The output-file will be in fasta format (but including gapped positions, so remember to use 'fasta_wgap' if and when loading into Arb.
- Python v2.7+
- Biopython
- proteinortho5
- CDS_extractor.pl
- muscle
- Gblocks
- RaXML (optional, only when creating trees with RaXML)
usage: PO_2_MLSA.py [-h] -po PO_FILE [-f FASTA_PATH] [-t NTHREADS] [--filter]
[-op OUT_PATH] [-tp TEMP_PATH] [-kt] [-mb MUSCLE_BINARY]
[-gbb GBLOCKS_BINARY] [-rmlb RAXML_BINARY]
[-mt {raxml,raxml_rapidbs,nj,nj_bs,none}] [-sd SEED_NR]
[-bs NR_BOOTSTRAPS]
[--nj_substmodel]
[-v] [-s] [--debug]
-h, --help show a help message and exit
-po PO_FILE, --proteinortho PO_FILE
(String) file with proteinortho5 results
-f FASTA_PATH, --fastas FASTA_PATH
(String) path to fasta files (produced by CDS_extractor)

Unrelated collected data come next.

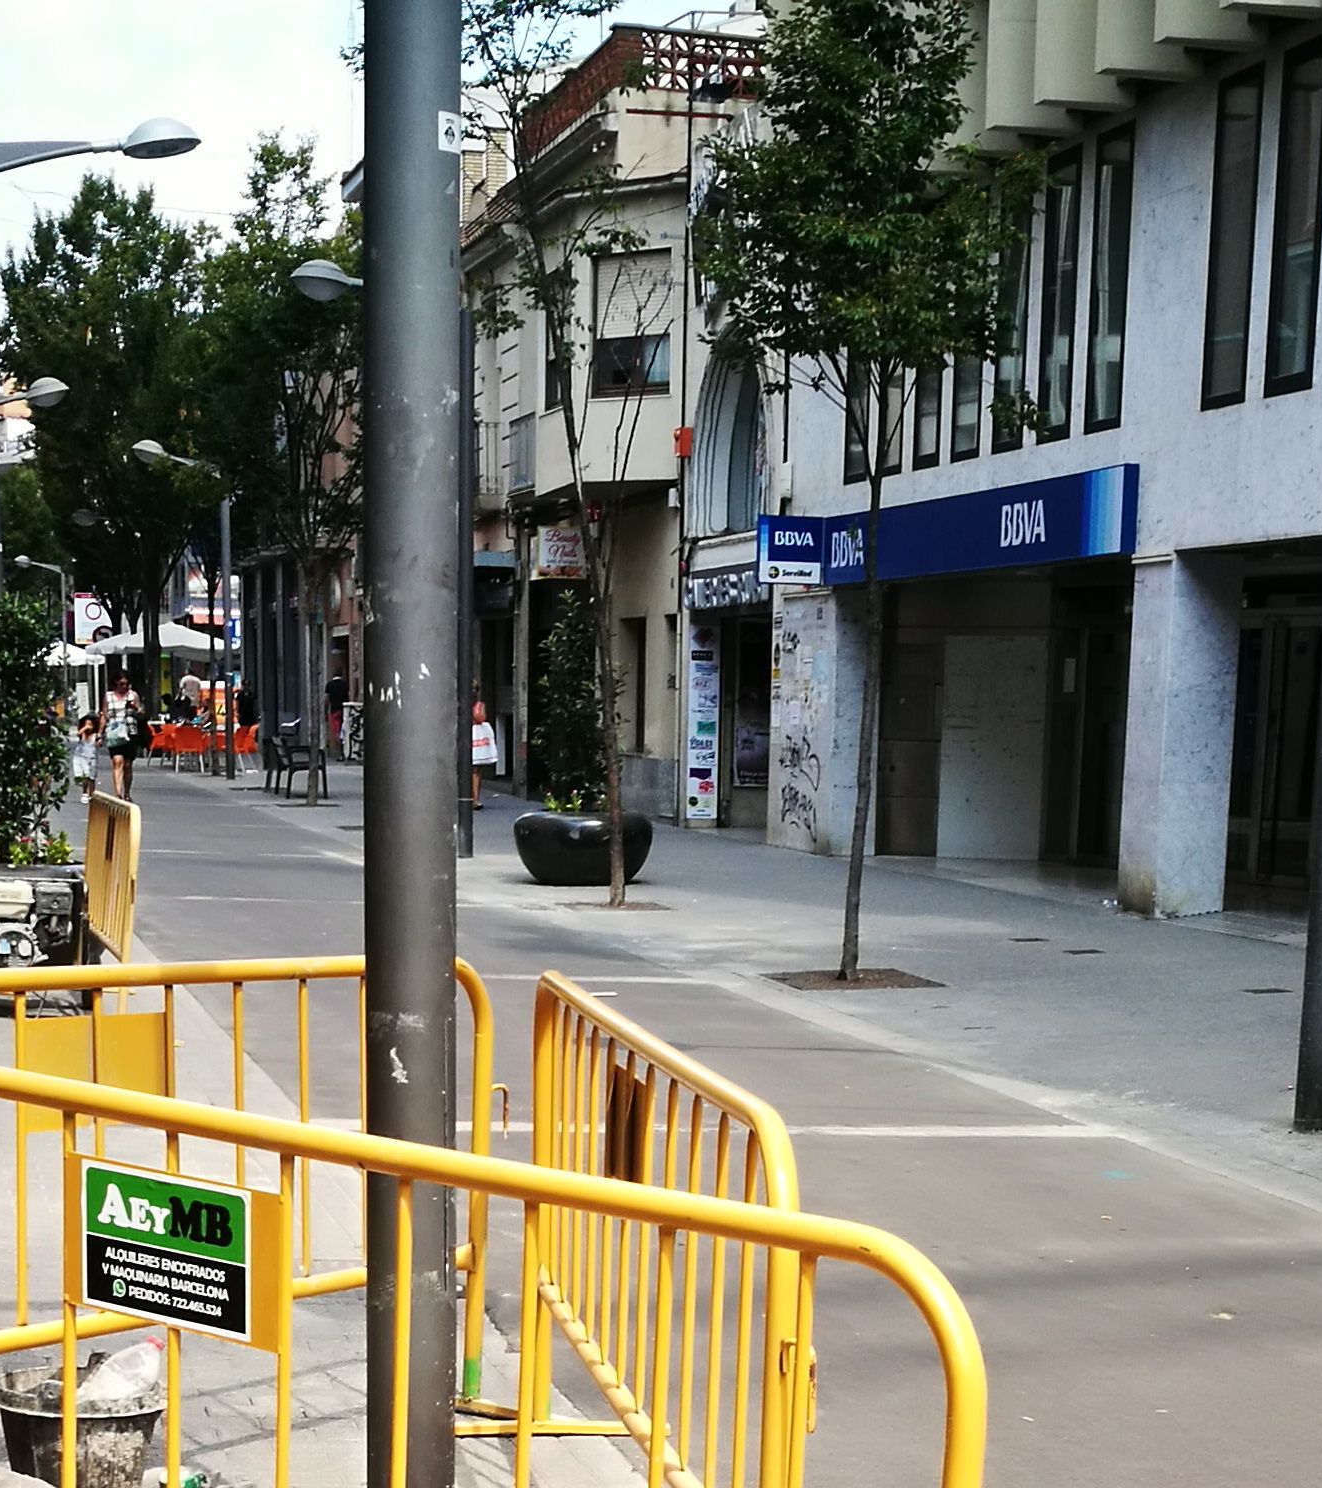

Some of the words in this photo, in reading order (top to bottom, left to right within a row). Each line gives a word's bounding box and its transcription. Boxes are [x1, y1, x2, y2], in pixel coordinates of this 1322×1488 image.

[774, 530, 814, 547] BBVA
[1000, 498, 1046, 548] BBVA
[830, 527, 864, 569] BBVA
[102, 1262, 109, 1276] Y
[110, 1263, 170, 1289] MAQUINARIA
[170, 1276, 230, 1302] BARCELONA
[105, 1246, 161, 1269] ALQUILERES
[161, 1254, 226, 1283] ENCOFRADOS
[128, 1284, 171, 1306] PEDIDOS:

Default = current working directory
-t NTHREADS, --threads NTHREADS
Maximum number of threads to use for alignment steps
Default = 1
--filter OPTIONAL: Filter outliers based on single marker phylogenies in order to remove HGT events (Default: False)

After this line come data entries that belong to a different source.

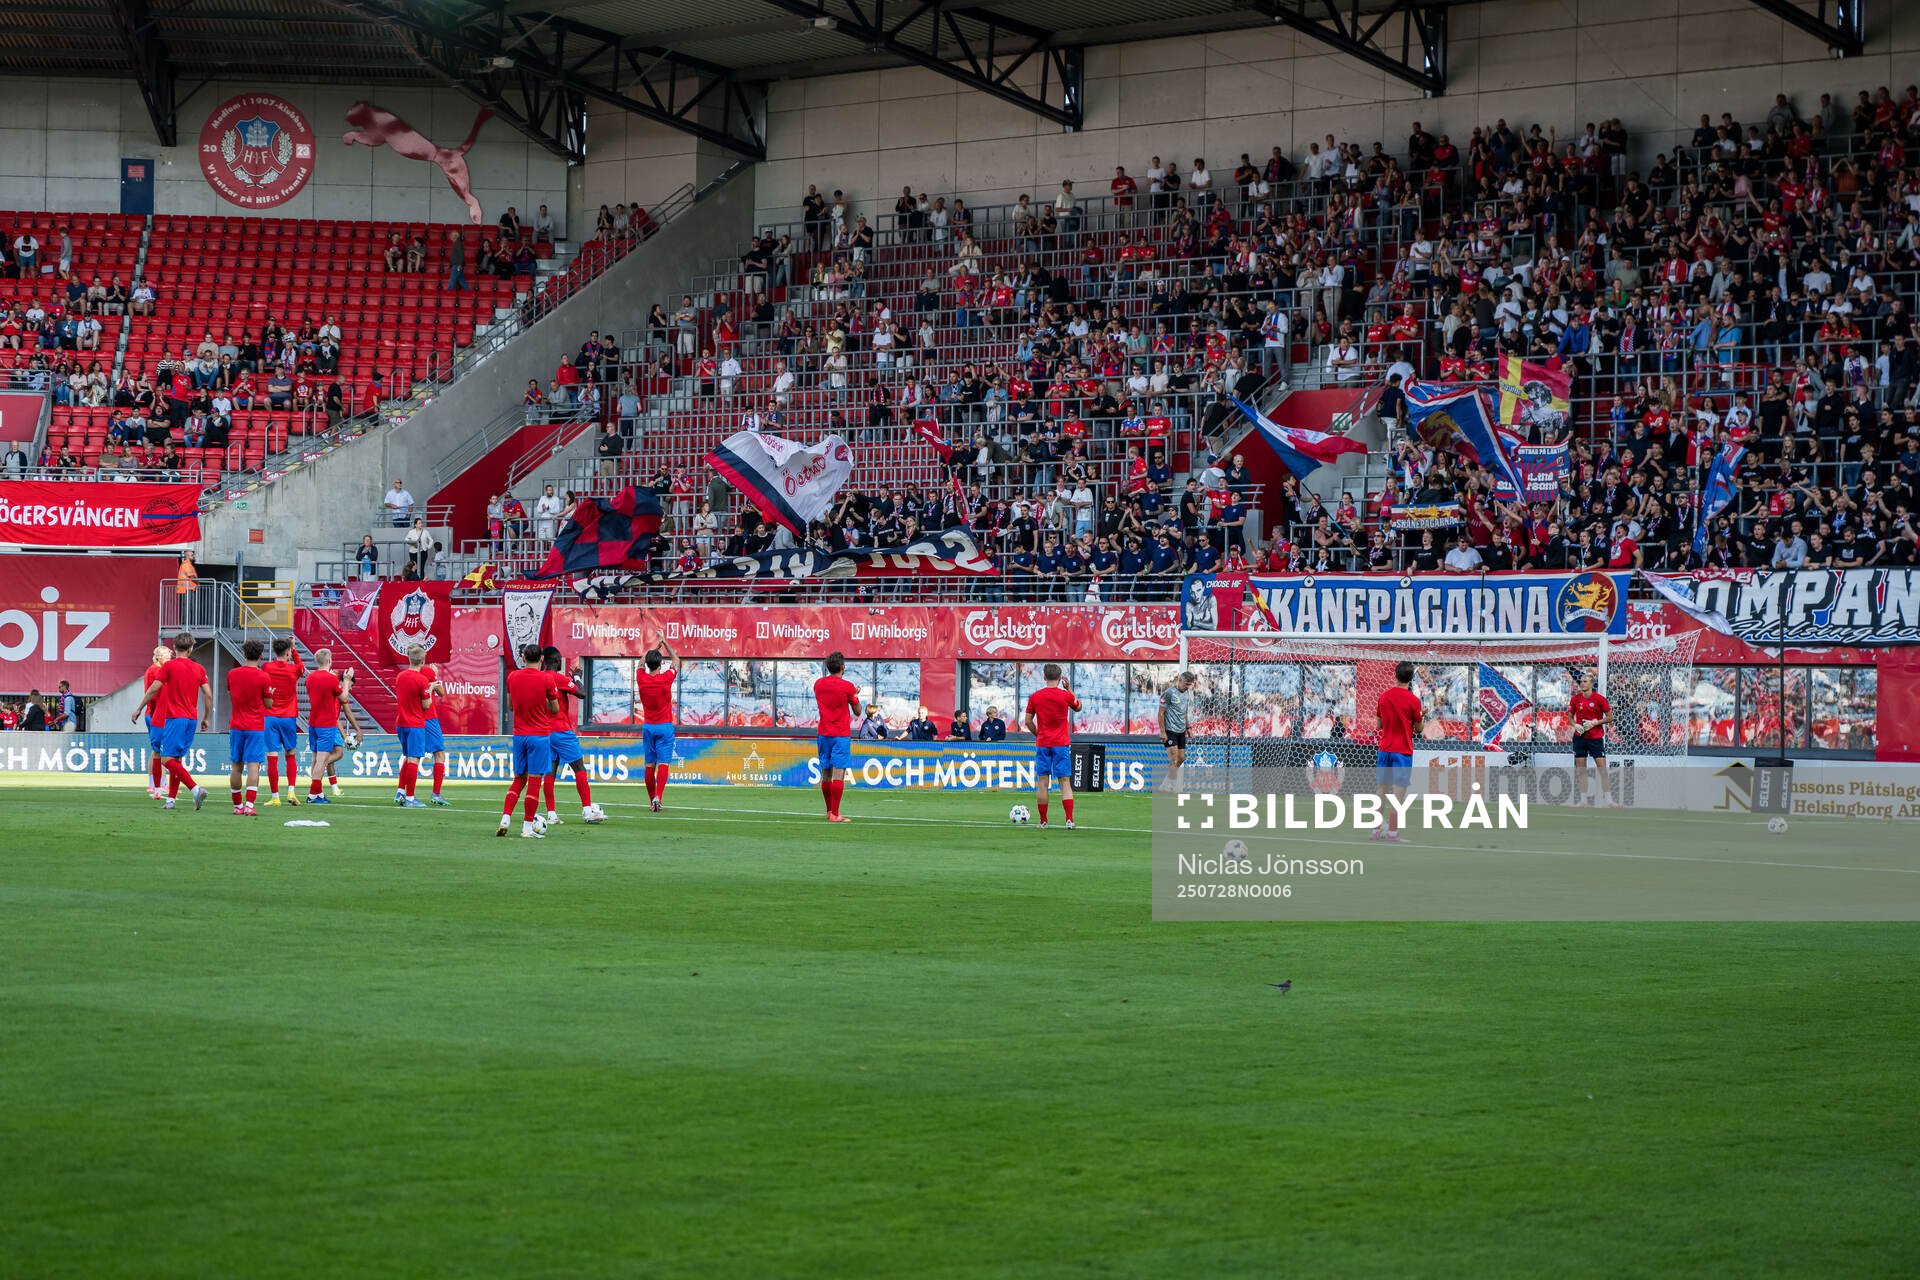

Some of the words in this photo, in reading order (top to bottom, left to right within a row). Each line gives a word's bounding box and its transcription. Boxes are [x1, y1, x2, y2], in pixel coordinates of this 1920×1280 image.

[211, 102, 241, 129] Medlem
[250, 97, 306, 133] 1907-klubben
[202, 144, 217, 153] 20
[297, 147, 309, 156] 23
[213, 176, 239, 199] satsar
[239, 193, 253, 204] på
[280, 166, 308, 197] framtid
[1205, 580, 1230, 588] CHOOSE
[1231, 580, 1243, 588] HIF
[1673, 569, 1920, 632] OMPAN
[587, 624, 641, 641] Wihlborgs
[682, 624, 738, 641] Wihlborgs
[772, 623, 830, 642] Wihlborgs
[867, 624, 928, 642] Wihlborgs
[964, 610, 1048, 646] Carlsberg
[445, 681, 497, 698] Wihlborgs
[38, 741, 135, 772] MÖTEN
[351, 751, 393, 776] SPA
[457, 745, 515, 778] MÖT
[808, 757, 857, 785] SA
[862, 757, 925, 787] OCH
[933, 752, 1036, 789] MÖTEN
[1074, 754, 1083, 788] SELECT
[1092, 754, 1101, 788] SELECT
[669, 772, 702, 780] SEASIDE
[726, 771, 747, 781] ÅHUS
[1759, 769, 1771, 808] SELECT
[1781, 771, 1790, 809] SELECT
[1793, 800, 1893, 819] Helsingborg

-op OUT_PATH, --out_path OUT_PATH
Path to output (will be created if it does not exist)
Default = current working directory
-tp TEMP_PATH, --temp_path TEMP_PATH
Path for temporary files (will be created if does not exist)
Default = current working directory
-kt, --keep_temp Keep all temporary files and intermediate results
(Multifasta_files containing the singe genes involved in the MLSA-alignments are stored in any case)
Default: delete all temporary files
-mb MUSCLE_BINARY, --muscle_binary MUSCLE_BINARY
Muscle binary to use (including path if not in $PATH). default: assume "muscle" in $PATH
-gbb GBLOCKS_BINARY, --gblocks GBLOCKS_BINARY
Gblocks binaries to use (include path to binaries if not listed in $PATH). Default: "Gblocks" (assumed to be in PATH)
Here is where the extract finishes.